Commentary

AdServer Focus: Atlas DMT

It’s not easy to please the online advertising crowd these days. The dot-com implosion has turned them into a bunch of skeptics who couldn’t care less about a company’s mission statement, even if the boilerplate language promises to place agencies’ needs on the proverbial pedestal. They want to see results, and nothing else matters. That’s why Atlas DMT is so unique. It actually delivers on that promise. “Our core mission is to make agencies more profitable at doing Internet media,” says Tom Sperry, president of Atlas DMT — a company hailed by many online ad professionals as simply the best ad server out there.

Atlas DMT was born as a technology company about four years ago and is probably better known for building an interactive agency, Avenue A, around its ad serving technology.
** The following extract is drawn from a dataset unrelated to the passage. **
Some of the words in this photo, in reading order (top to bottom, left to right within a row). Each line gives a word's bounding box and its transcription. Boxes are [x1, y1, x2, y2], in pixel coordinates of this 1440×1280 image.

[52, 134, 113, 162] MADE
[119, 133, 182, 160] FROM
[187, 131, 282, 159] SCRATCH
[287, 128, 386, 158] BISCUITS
But there’s much more to the story, namely its Atlas Digital Marketing Suite, which boasts a stellar client list that includes Tribal DDB, FCB, TBWA/Chiat/Day, and Lot 21. Naturally, Avenue A (which was spun off from Atlas DMT in 2000 to become one of the top 10 interactive agencies in the U.S.) is also a client.
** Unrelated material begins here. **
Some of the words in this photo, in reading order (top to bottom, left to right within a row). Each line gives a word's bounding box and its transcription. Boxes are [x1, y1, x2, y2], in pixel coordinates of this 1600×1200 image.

One of the most attractive features of the Atlas Digital Marketing Suite is the Media Console, a 4,000-website-strong searchable database that allows Atlas’s advertising clients to choose sites based on demographics, creative capabilities, and even past performance ratings submitted by other advertisers. If demographics are not as important, advertisers can turn to the behavioral planning tool, which allows targeting by user surfing habits. The Atlas Digital Marketing Suite claims to have 90% of all Internet users cookied, which translates into an abundance of surfing habits to target by, allowing advertisers to buy the audience and not the website. How do they do it? Action tags (tiny GIFs embedded in web pages) gather anonymous cookie IDs, page descriptions and the date and time of the page view, which then make up a database.

Another function unique to the Atlas Digital Marketing Suite is the optimization advisor. This tool takes performance data from campaign reports and makes appropriate recommendations to current advertisers, such as whether to keep or drop a waning campaign.

As for upcoming Atlas DMT developments, the company plans soon to announce the introduction of Reach and Frequency reports (geared mostly toward traditional advertisers moving online), which would give advertisers the ability to gauge R&F by site, placement, and creative, not just by campaign. Another planned feature is a processing language tentatively called PVM. According to Young-Bean Song, director of analytics at the Atlas Institute, “PVM is a processing language developed to process online campaign and customer data many times faster than normal, generating a new level of marketing insights and effectiveness. With PVM, the Atlas Suite can analyze data over longer historical periods, revealing the truths about customer behavior and campaign effectiveness that only emerge over time.”